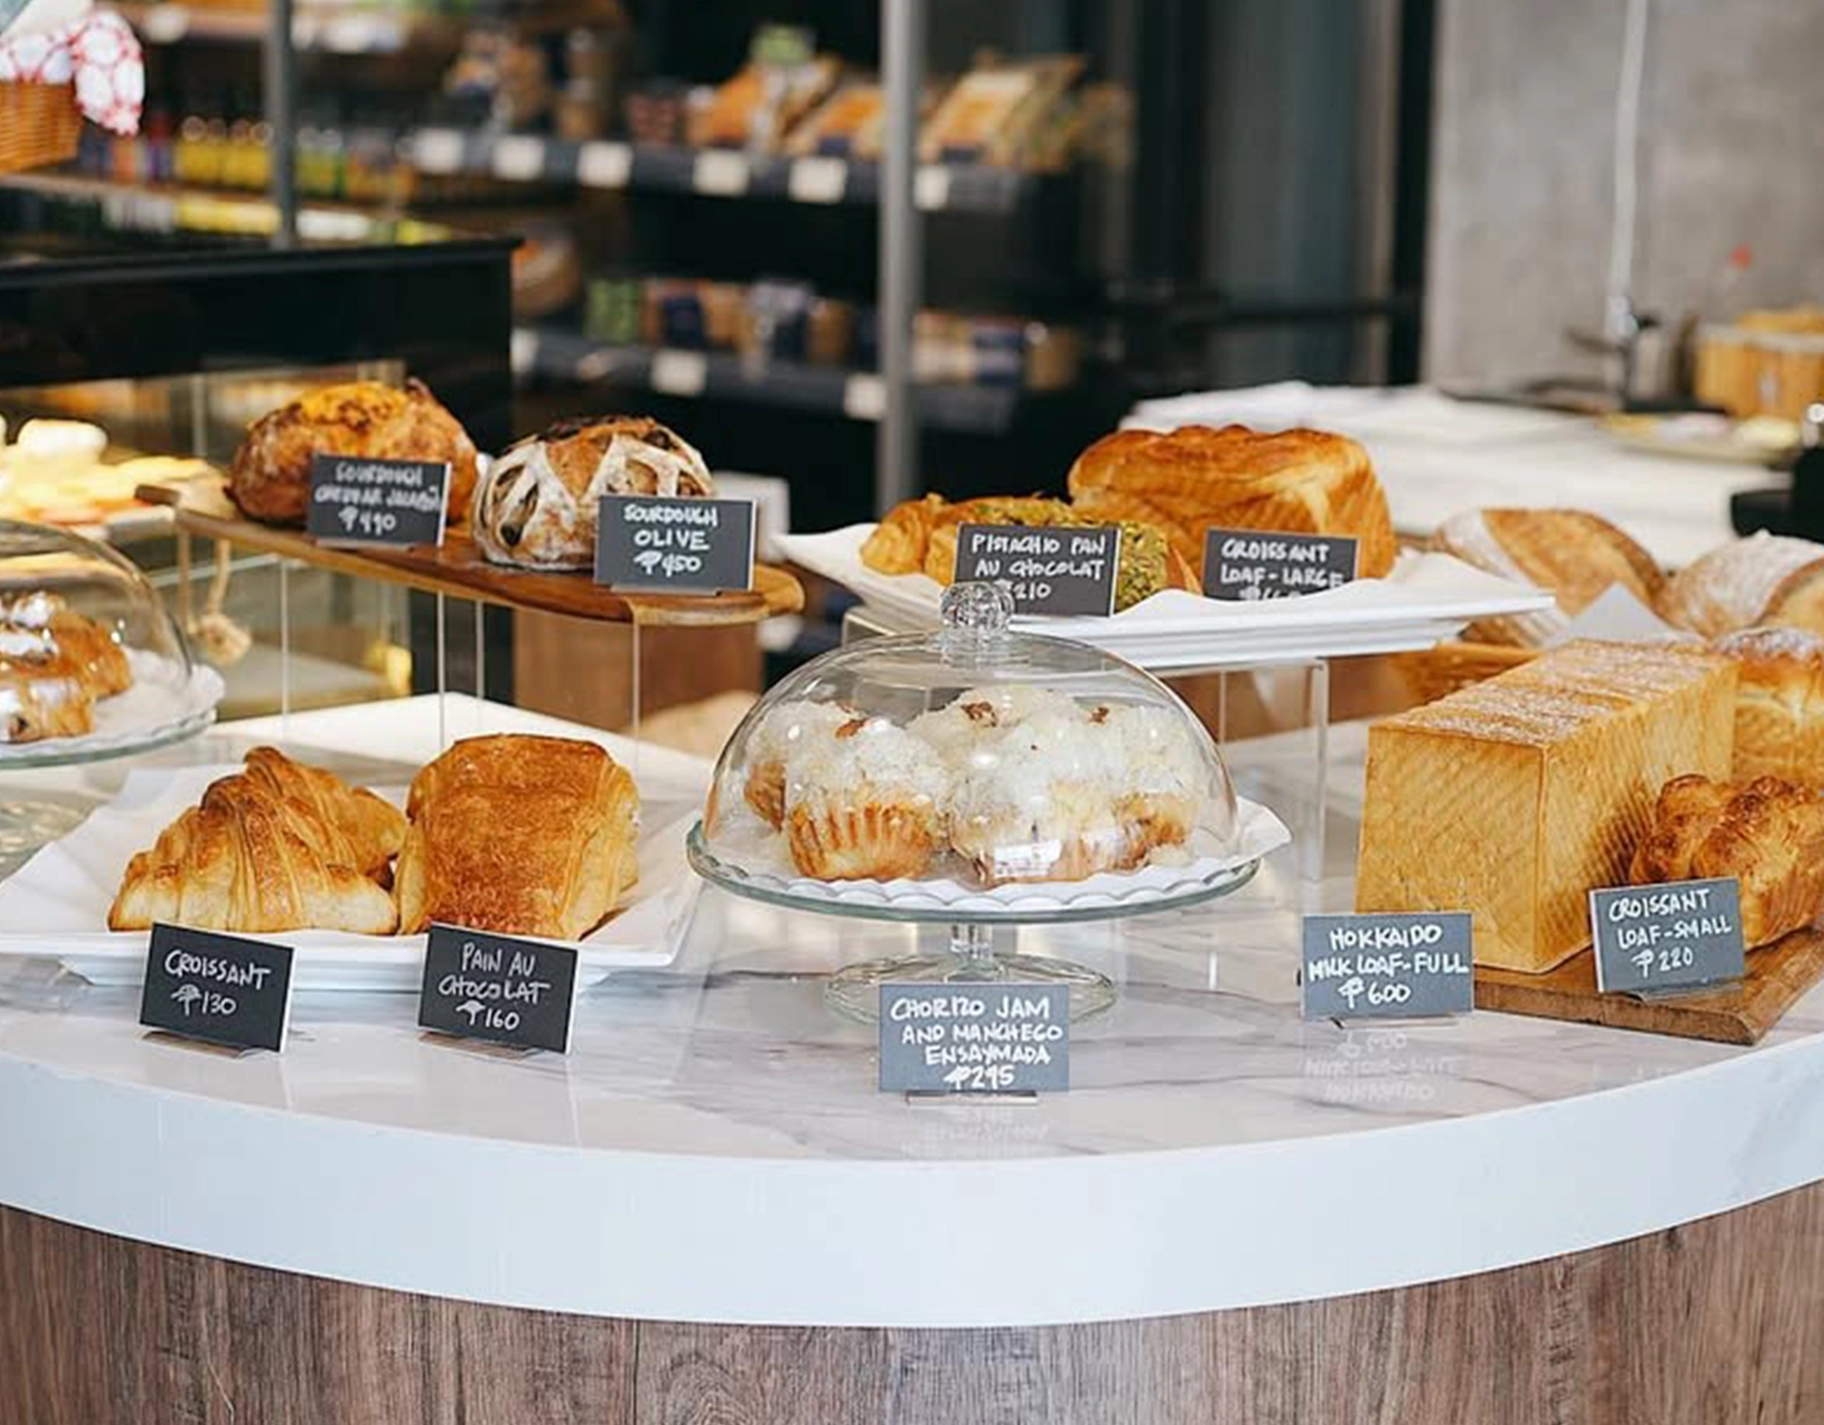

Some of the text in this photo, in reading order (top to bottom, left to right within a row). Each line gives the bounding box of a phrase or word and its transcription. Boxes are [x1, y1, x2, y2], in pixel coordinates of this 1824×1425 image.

[624, 503, 718, 527] SOURDOUGH
[634, 529, 711, 550] OLIVE
[971, 533, 1105, 555] PISTACHIO PAN
[1220, 538, 1330, 562] CROISSANT
[974, 558, 1105, 580] AU CHOCOLAT
[1608, 888, 1710, 921] CROISSANT
[1329, 924, 1443, 951] HOKKAIDO
[164, 949, 272, 990] CROISSANT
[461, 942, 536, 977] PAIN AU
[1308, 957, 1354, 982] MILK
[438, 974, 551, 1004] CHOCOLAT
[890, 995, 1050, 1020] CHORIZO JAM
[902, 1022, 1063, 1045] AND MANCHEGO
[924, 1044, 1051, 1066] ENSAYMADA
────────────────
Task prompt = Retype the data shown above exactly, excluding any picture it contains.

Reply to the task =
Some of the text in this photo, in reading order (top to bottom, left to right within a row). Each line gives the bounding box of a phrase or word and its transcription. Boxes are [x1, y1, x2, y2], in pixel coordinates of this 1824×1425 image.

[624, 503, 718, 527] SOURDOUGH
[634, 529, 711, 550] OLIVE
[971, 533, 1105, 555] PISTACHIO PAN
[1220, 538, 1330, 562] CROISSANT
[974, 558, 1105, 580] AU CHOCOLAT
[1608, 888, 1710, 921] CROISSANT
[1329, 924, 1443, 951] HOKKAIDO
[164, 949, 272, 990] CROISSANT
[461, 942, 536, 977] PAIN AU
[1308, 957, 1354, 982] MILK
[438, 974, 551, 1004] CHOCOLAT
[890, 995, 1050, 1020] CHORIZO JAM
[902, 1022, 1063, 1045] AND MANCHEGO
[924, 1044, 1051, 1066] ENSAYMADA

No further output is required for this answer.